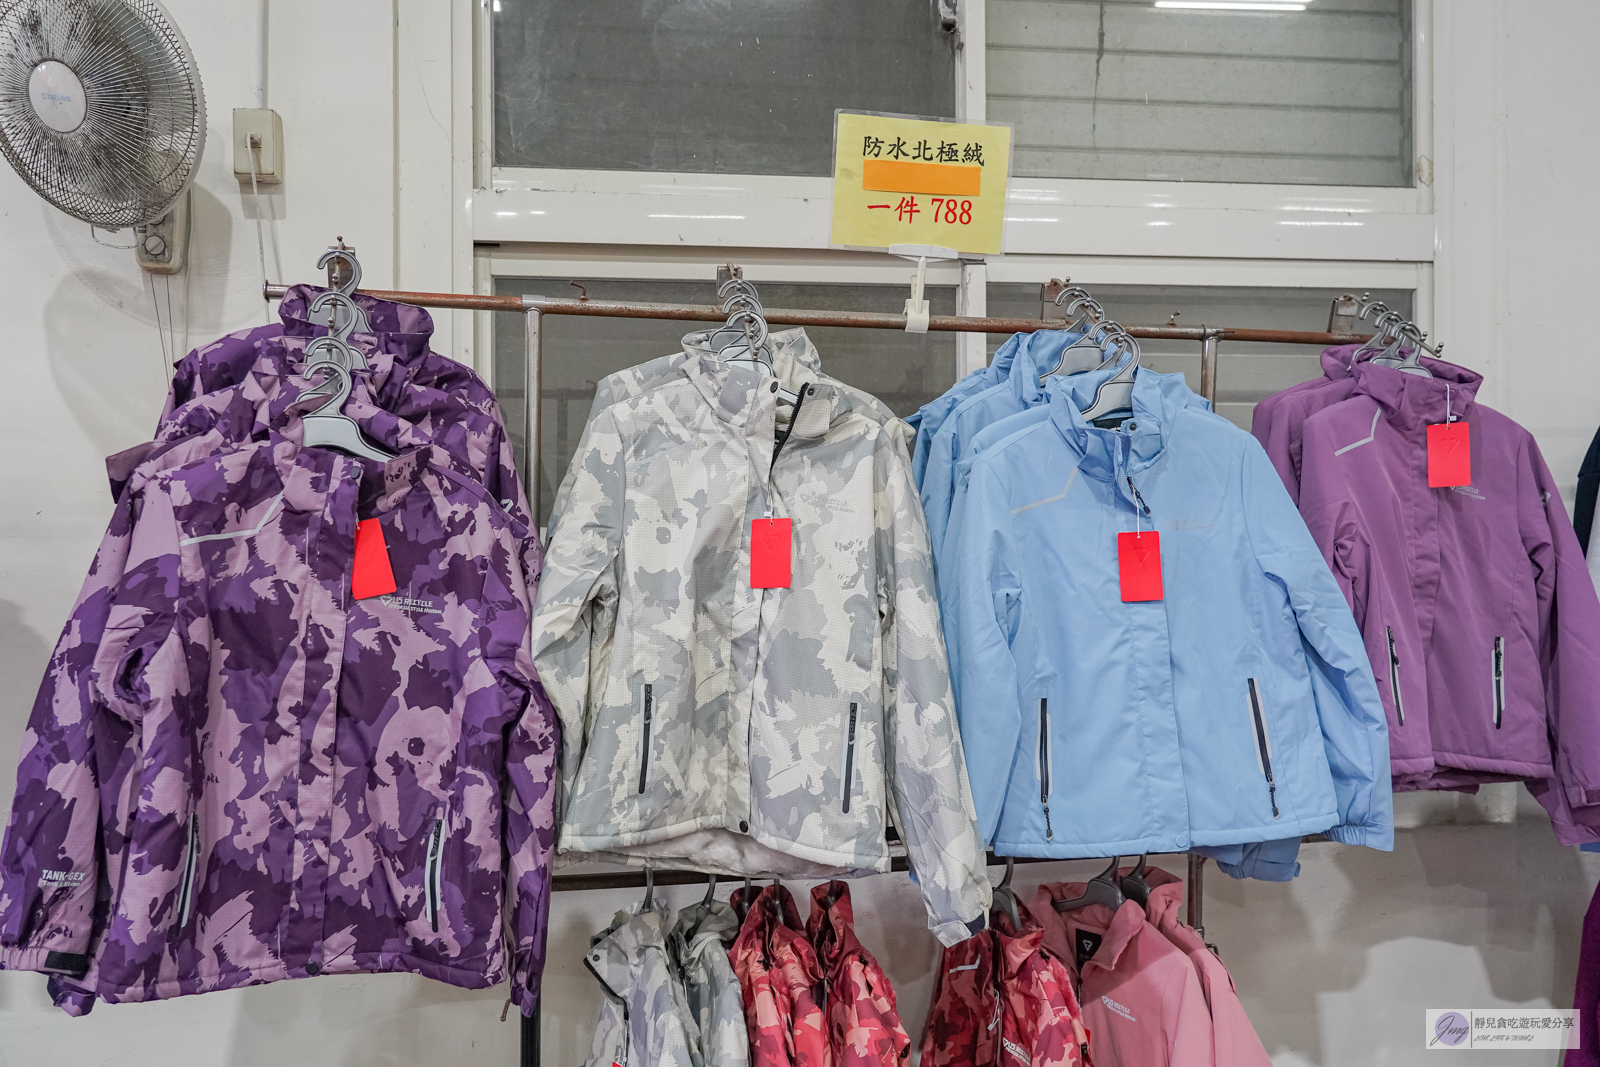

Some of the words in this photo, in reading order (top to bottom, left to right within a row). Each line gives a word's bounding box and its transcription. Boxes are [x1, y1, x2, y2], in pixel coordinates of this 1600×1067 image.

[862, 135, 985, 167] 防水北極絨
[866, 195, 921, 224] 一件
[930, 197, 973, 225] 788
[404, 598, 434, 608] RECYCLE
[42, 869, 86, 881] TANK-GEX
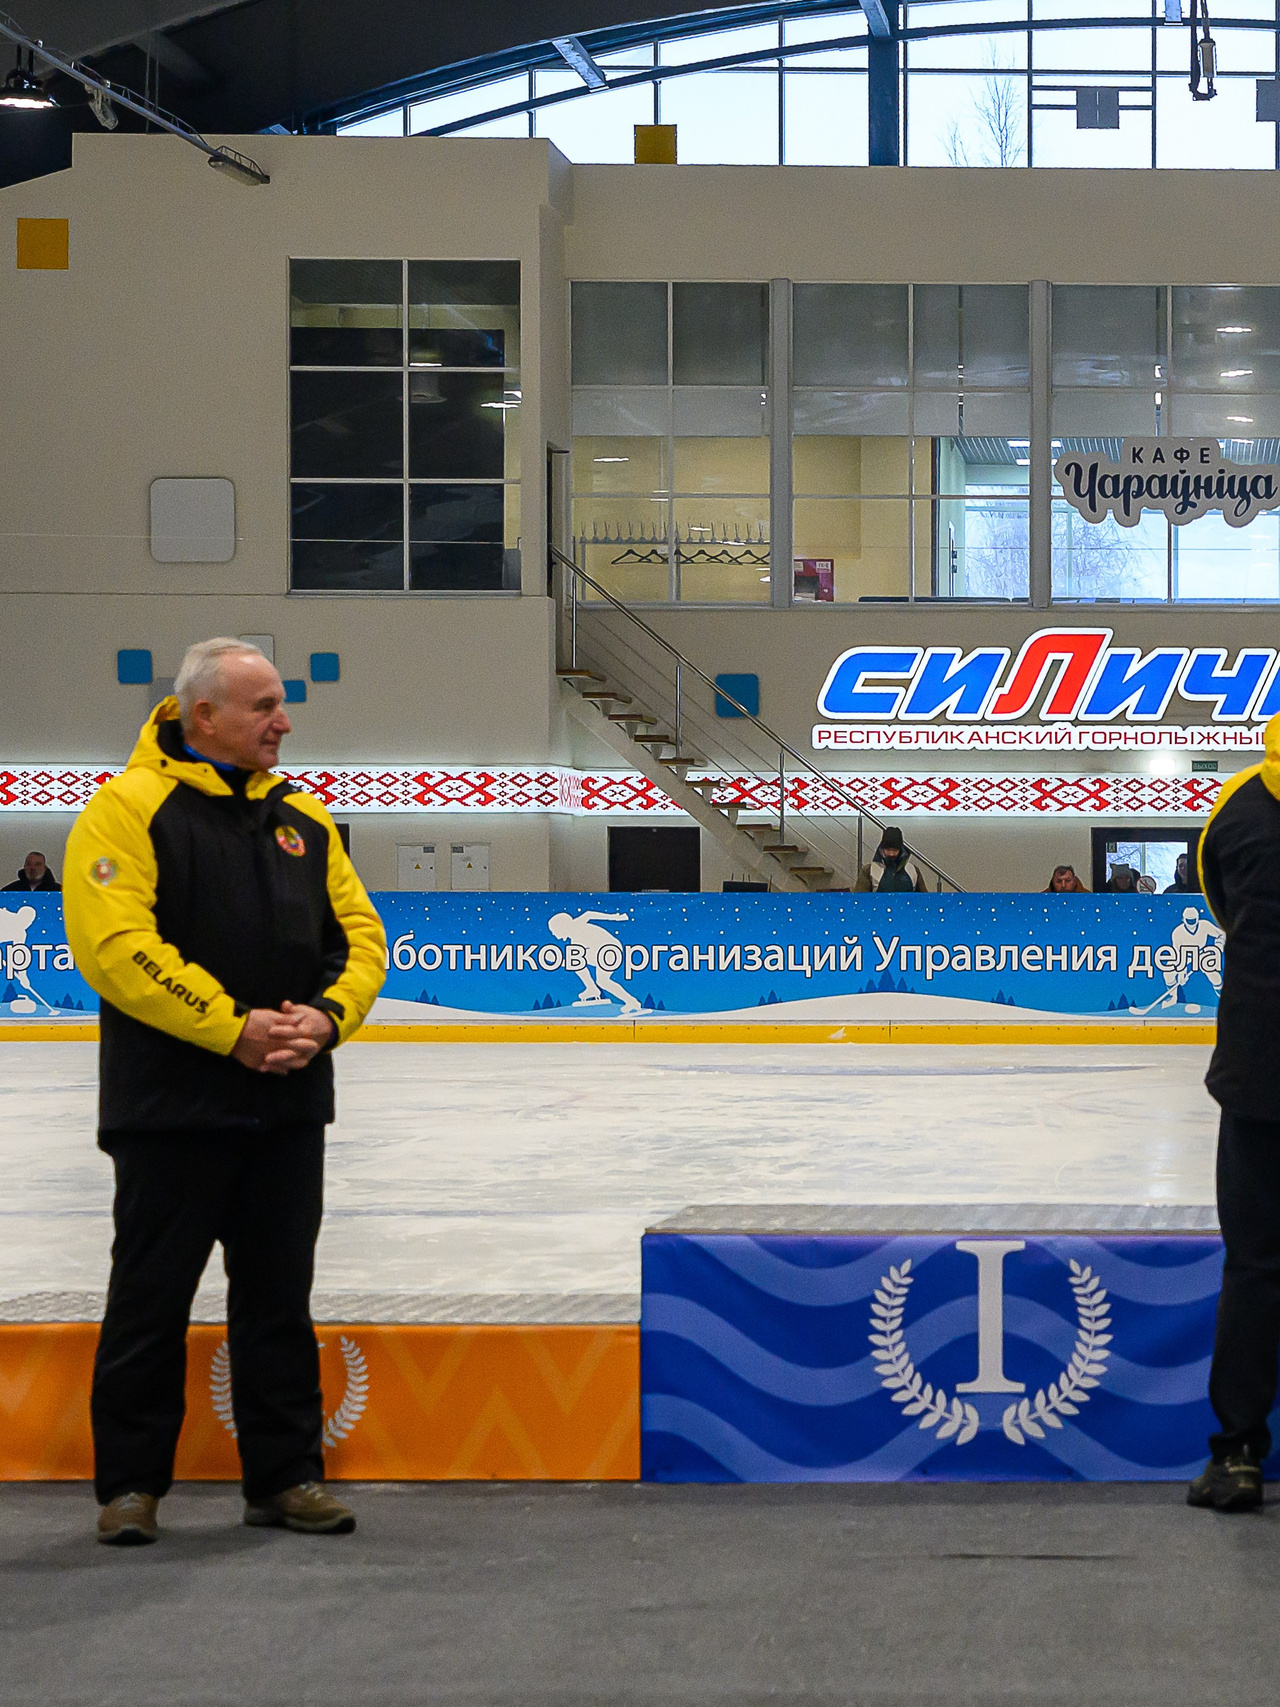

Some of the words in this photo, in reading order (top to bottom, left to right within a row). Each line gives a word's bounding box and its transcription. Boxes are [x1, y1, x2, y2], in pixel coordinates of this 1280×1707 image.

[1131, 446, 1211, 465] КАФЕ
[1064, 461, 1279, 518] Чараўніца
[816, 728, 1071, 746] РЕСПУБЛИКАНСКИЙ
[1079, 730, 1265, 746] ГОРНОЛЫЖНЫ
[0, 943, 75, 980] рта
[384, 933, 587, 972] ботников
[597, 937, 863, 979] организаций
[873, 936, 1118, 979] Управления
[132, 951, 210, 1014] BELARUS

*WORK INSTRUCTIONS*: Your reply should consist only of the lines from the one containing "this 1280×1707 image." through the last line of the records, each reproduced exactly.

*RESPONSE FOR THIS EXERCISE*:
Some of the words in this photo, in reading order (top to bottom, left to right within a row). Each line gives a word's bounding box and its transcription. Boxes are [x1, y1, x2, y2], in pixel coordinates of this 1280×1707 image.

[1131, 446, 1211, 465] КАФЕ
[1064, 461, 1279, 518] Чараўніца
[816, 728, 1071, 746] РЕСПУБЛИКАНСКИЙ
[1079, 730, 1265, 746] ГОРНОЛЫЖНЫ
[0, 943, 75, 980] рта
[384, 933, 587, 972] ботников
[597, 937, 863, 979] организаций
[873, 936, 1118, 979] Управления
[132, 951, 210, 1014] BELARUS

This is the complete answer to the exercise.